▶ _Available data_
════════════════

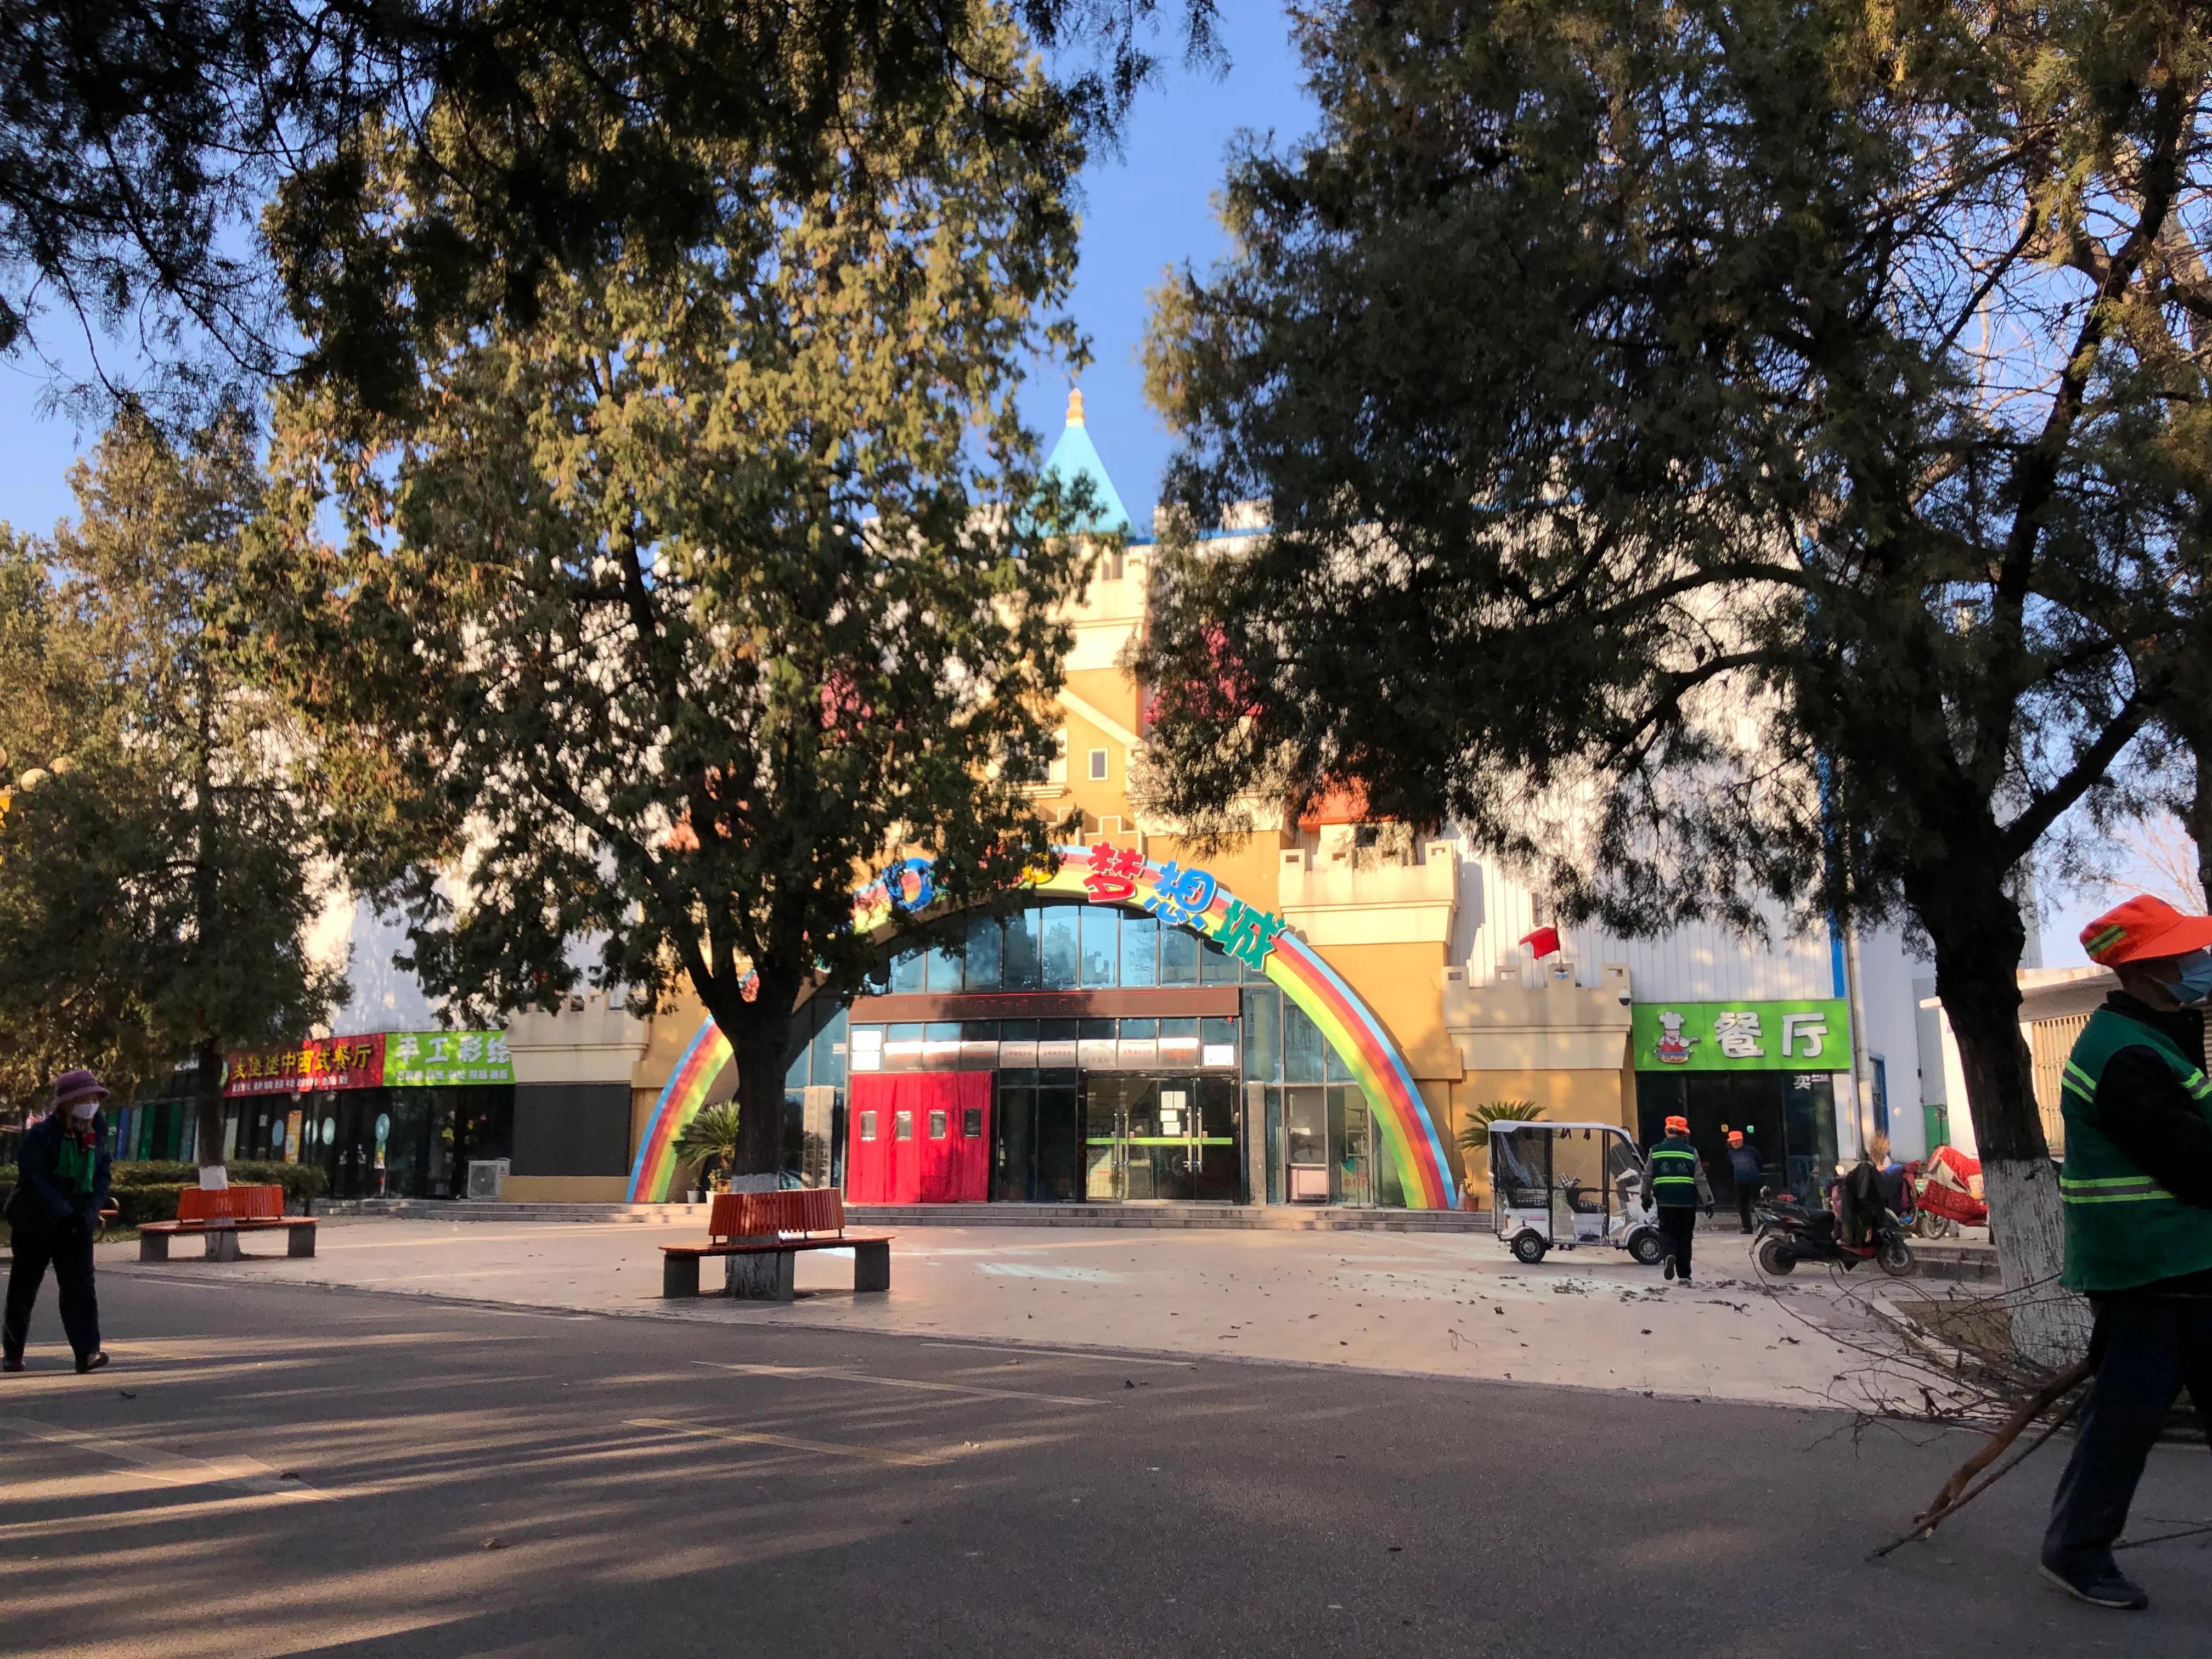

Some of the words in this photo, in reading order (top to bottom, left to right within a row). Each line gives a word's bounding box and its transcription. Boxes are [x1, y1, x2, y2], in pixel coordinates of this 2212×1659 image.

[1083, 840, 1285, 970] 梦想城
[395, 1035, 511, 1064] 手工彩绘
[1713, 1011, 1827, 1058] 餐厅
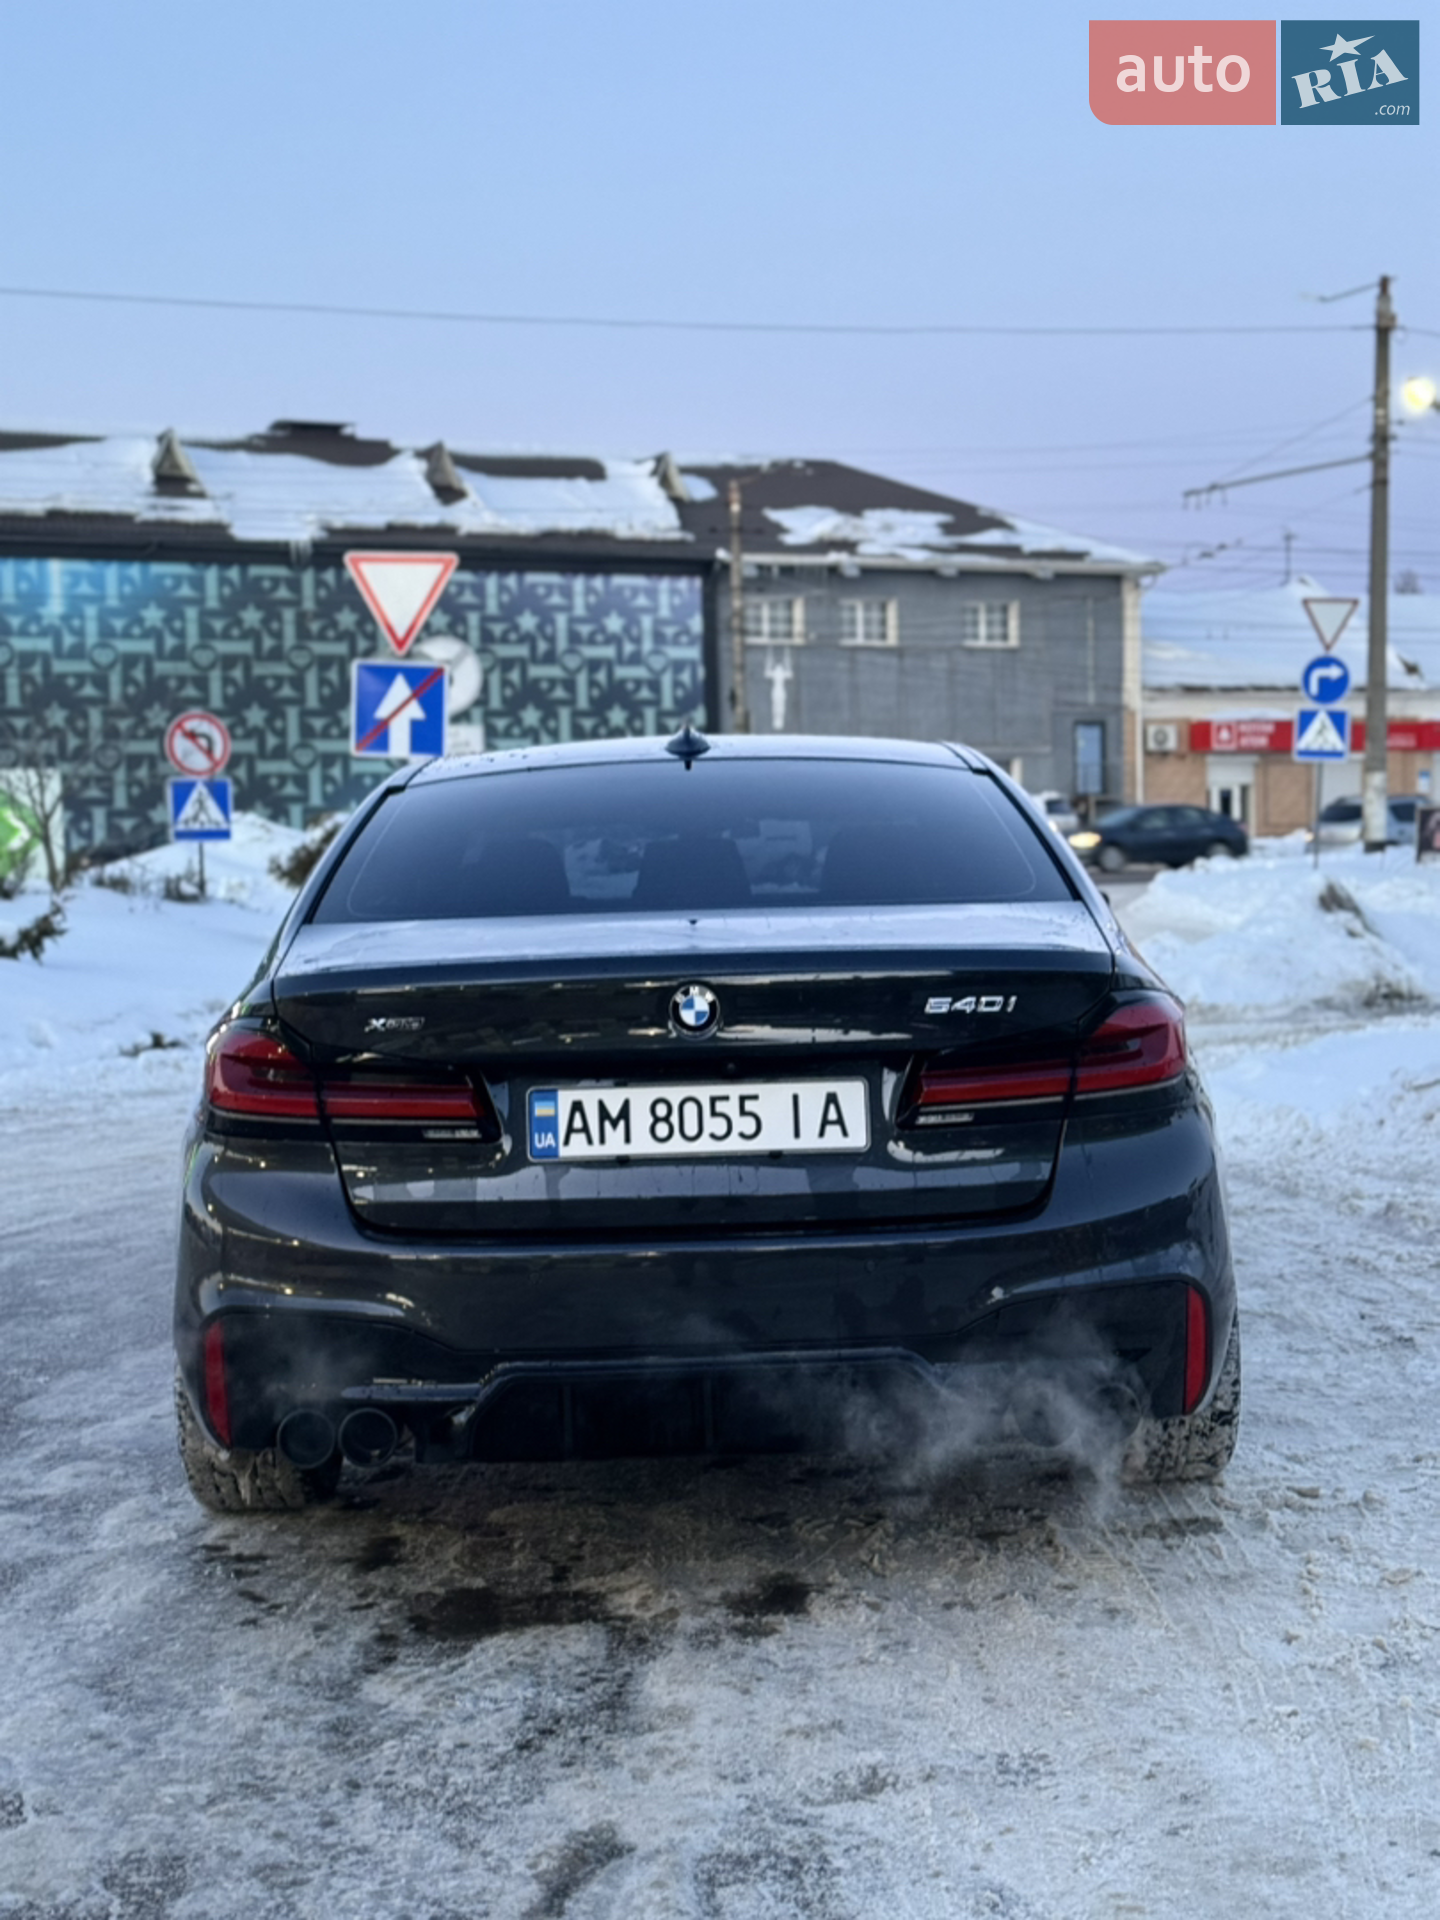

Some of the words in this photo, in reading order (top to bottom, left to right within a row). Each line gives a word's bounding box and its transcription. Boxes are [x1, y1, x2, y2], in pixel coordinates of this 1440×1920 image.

[562, 1097, 631, 1147] AM
[649, 1094, 763, 1144] 8055
[791, 1091, 849, 1141] IA
[534, 1132, 556, 1149] UA
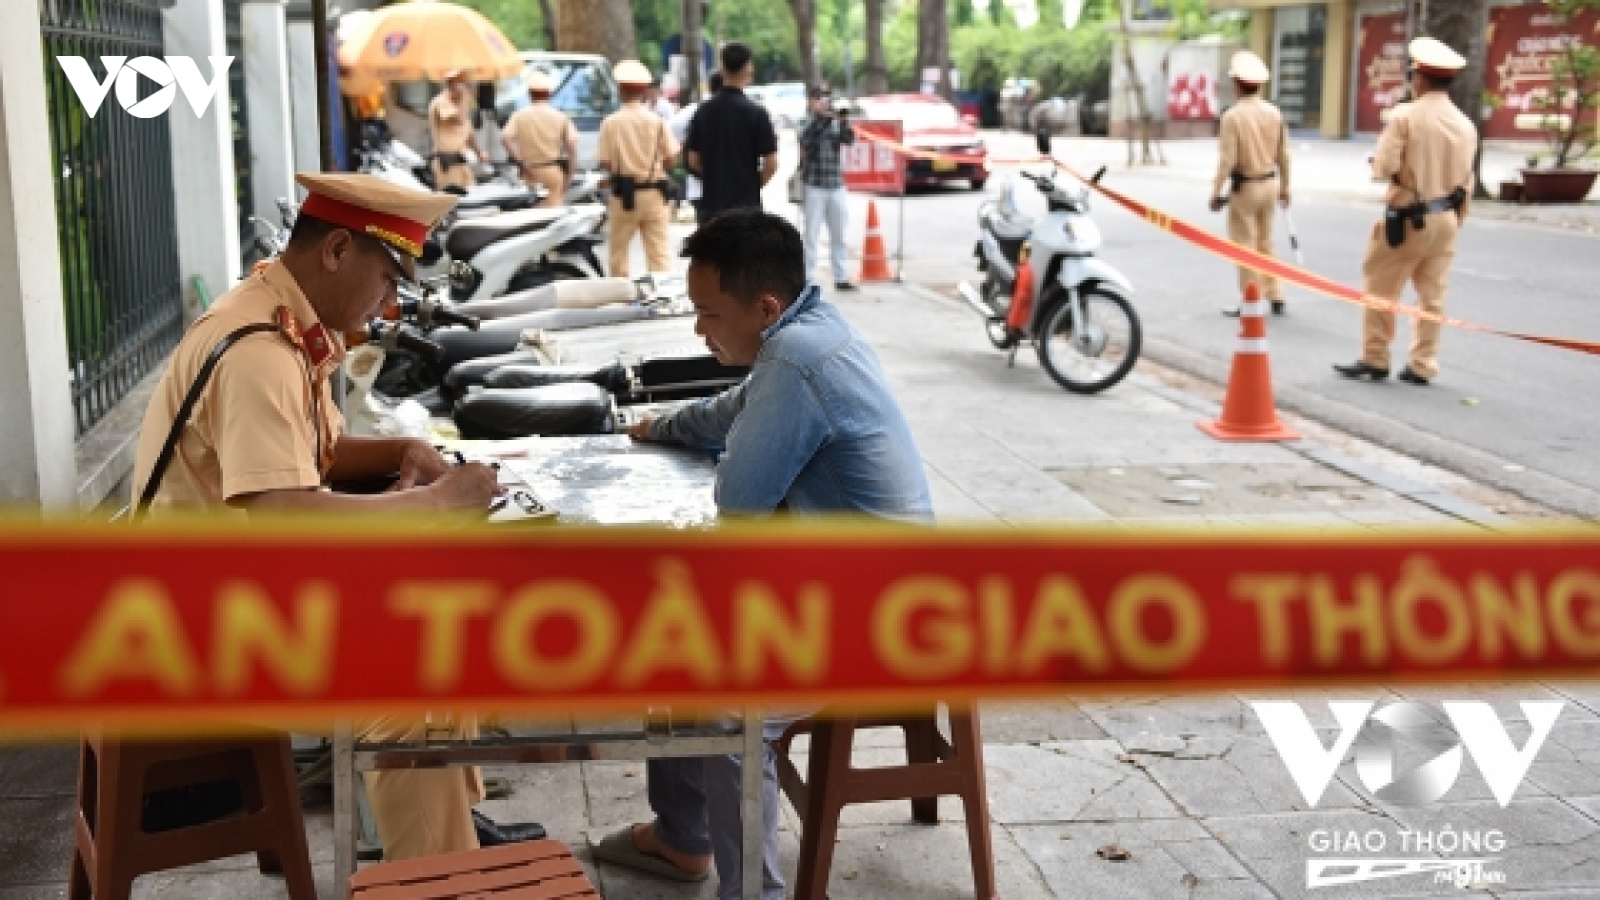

════════════════

▶ _Task instructions_
Your answer must be an exact repeat of the records above, with no pictures in it.

▶ _Solved problem_
Some of the words in this photo, in reading order (top to bottom, left to right within a row). Each line gives a word's bounding box and its transcription. Boxes are [x1, y1, x2, y2], in pixel coordinates of this 2212×1659 image.

[1083, 840, 1285, 970] 梦想城
[395, 1035, 511, 1064] 手工彩绘
[1713, 1011, 1827, 1058] 餐厅

Some of the words in this photo, in reading order (top to bottom, left to right within a row). Each line gives a word's bounding box and its transcription. Boxes are [x1, y1, x2, y2], in pixel coordinates of this 1440×1920 image.

[562, 1097, 631, 1147] AM
[649, 1094, 763, 1144] 8055
[791, 1091, 849, 1141] IA
[534, 1132, 556, 1149] UA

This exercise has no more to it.